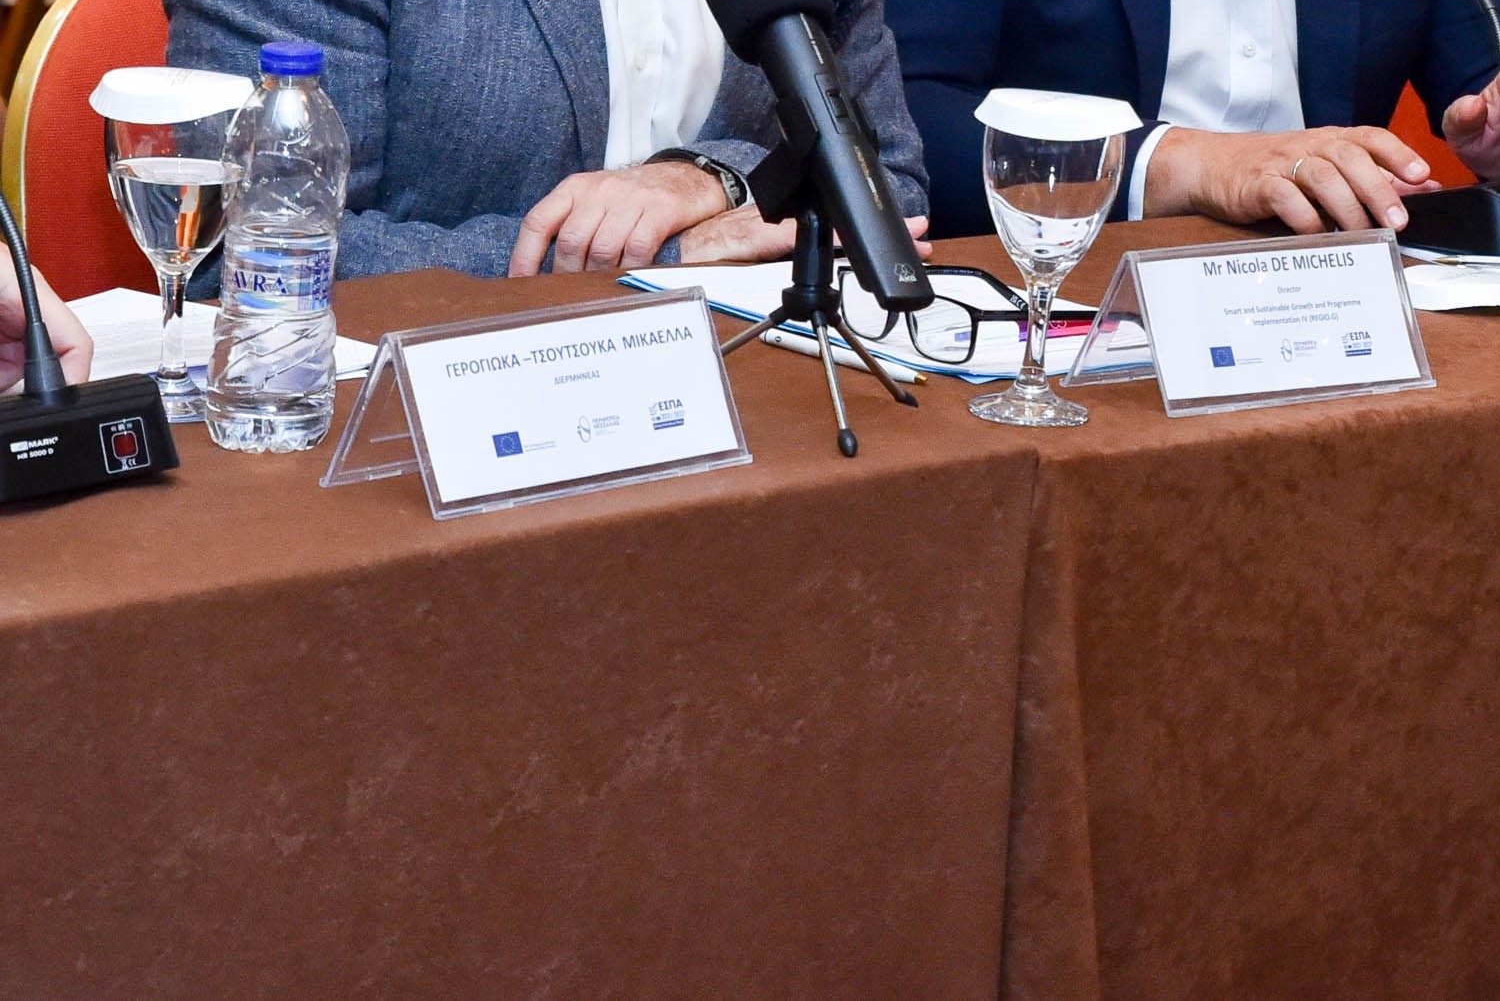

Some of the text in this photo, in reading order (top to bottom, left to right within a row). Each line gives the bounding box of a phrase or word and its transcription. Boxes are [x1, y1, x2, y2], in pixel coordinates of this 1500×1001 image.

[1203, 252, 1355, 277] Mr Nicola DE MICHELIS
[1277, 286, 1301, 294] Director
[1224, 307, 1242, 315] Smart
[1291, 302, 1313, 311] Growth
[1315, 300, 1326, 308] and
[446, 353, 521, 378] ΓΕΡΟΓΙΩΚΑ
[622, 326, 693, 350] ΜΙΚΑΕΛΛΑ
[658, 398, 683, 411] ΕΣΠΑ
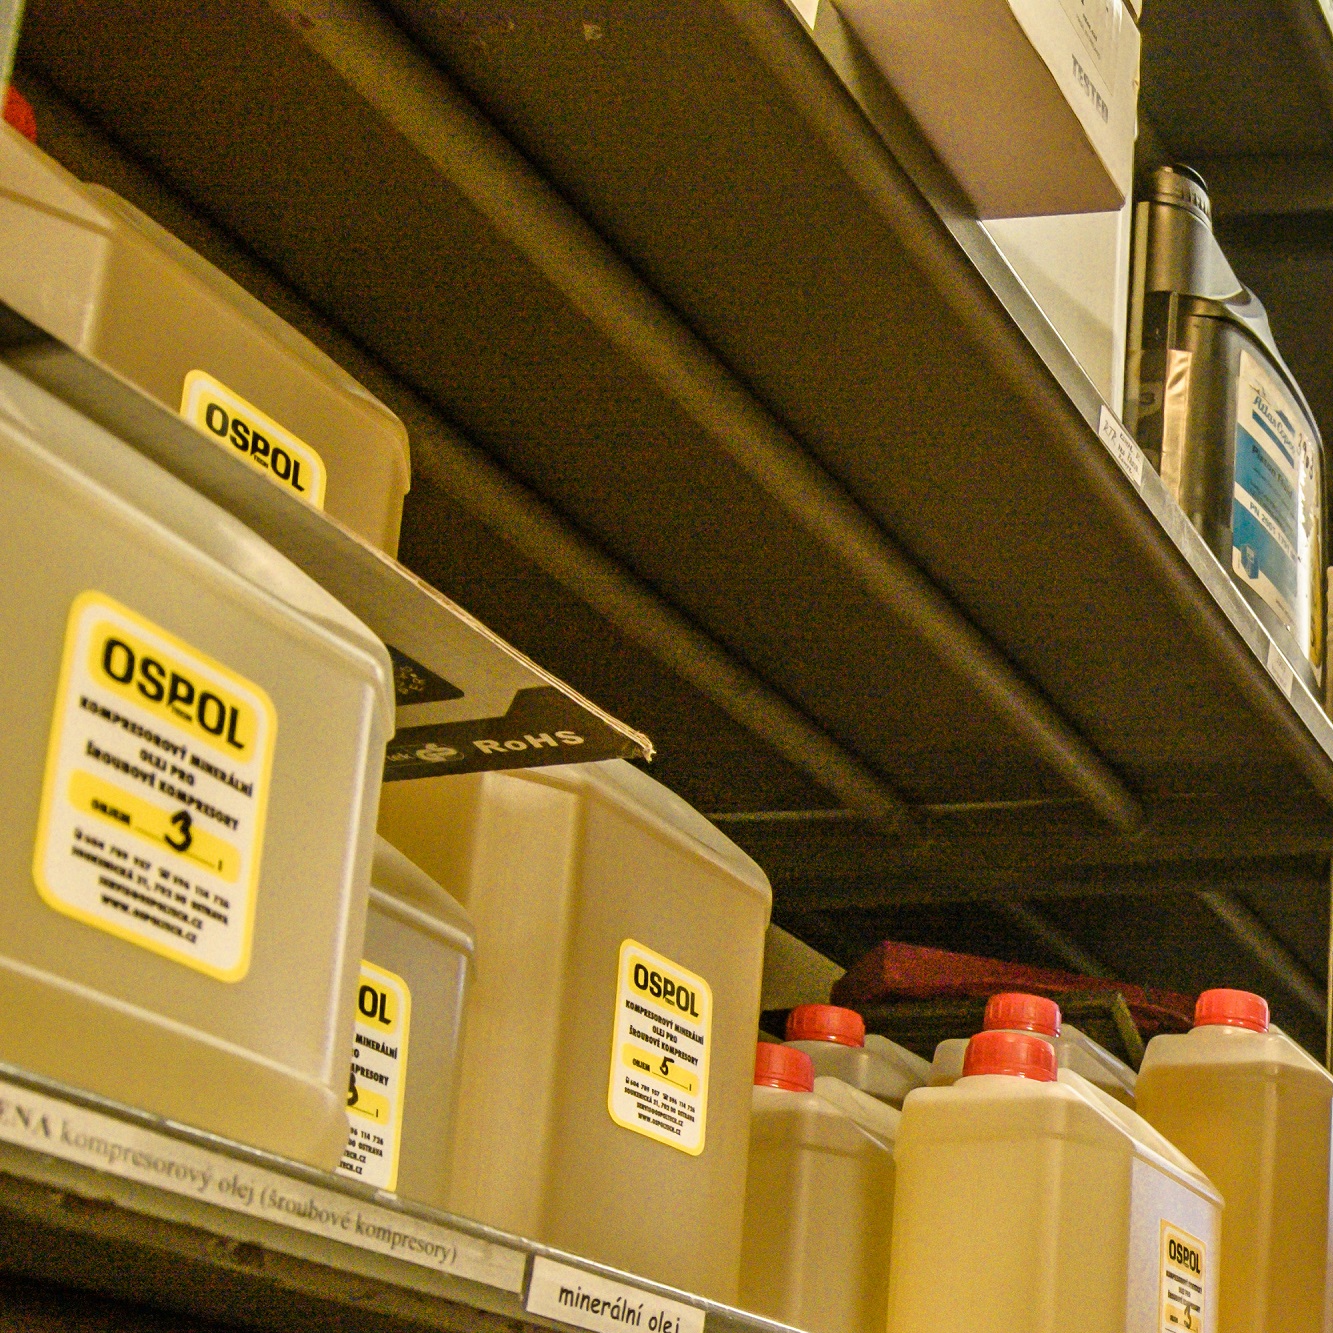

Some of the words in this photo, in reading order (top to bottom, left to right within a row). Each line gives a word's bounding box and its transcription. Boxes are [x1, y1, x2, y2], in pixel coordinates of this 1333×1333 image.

********************

(The problem) Transcribe the listing above in full and exactly; no pictures belong in the copy.

(Exercise solution)
Some of the text in this photo, in reading order (top to bottom, left to right within a row). Each line gives the bounding box of a phrase or word and its transcription. Boxes are [x1, y1, x2, y2], in pixel coordinates of this 1500×1001 image.

[1203, 252, 1355, 277] Mr Nicola DE MICHELIS
[1277, 286, 1301, 294] Director
[1224, 307, 1242, 315] Smart
[1291, 302, 1313, 311] Growth
[1315, 300, 1326, 308] and
[446, 353, 521, 378] ΓΕΡΟΓΙΩΚΑ
[622, 326, 693, 350] ΜΙΚΑΕΛΛΑ
[658, 398, 683, 411] ΕΣΠΑ

Some of the words in this photo, in reading order (top to bottom, left to right within a row). Each line gives a word's bounding box and its transcription. Boxes are [x1, y1, x2, y2], in pixel coordinates of this 1333×1333 image.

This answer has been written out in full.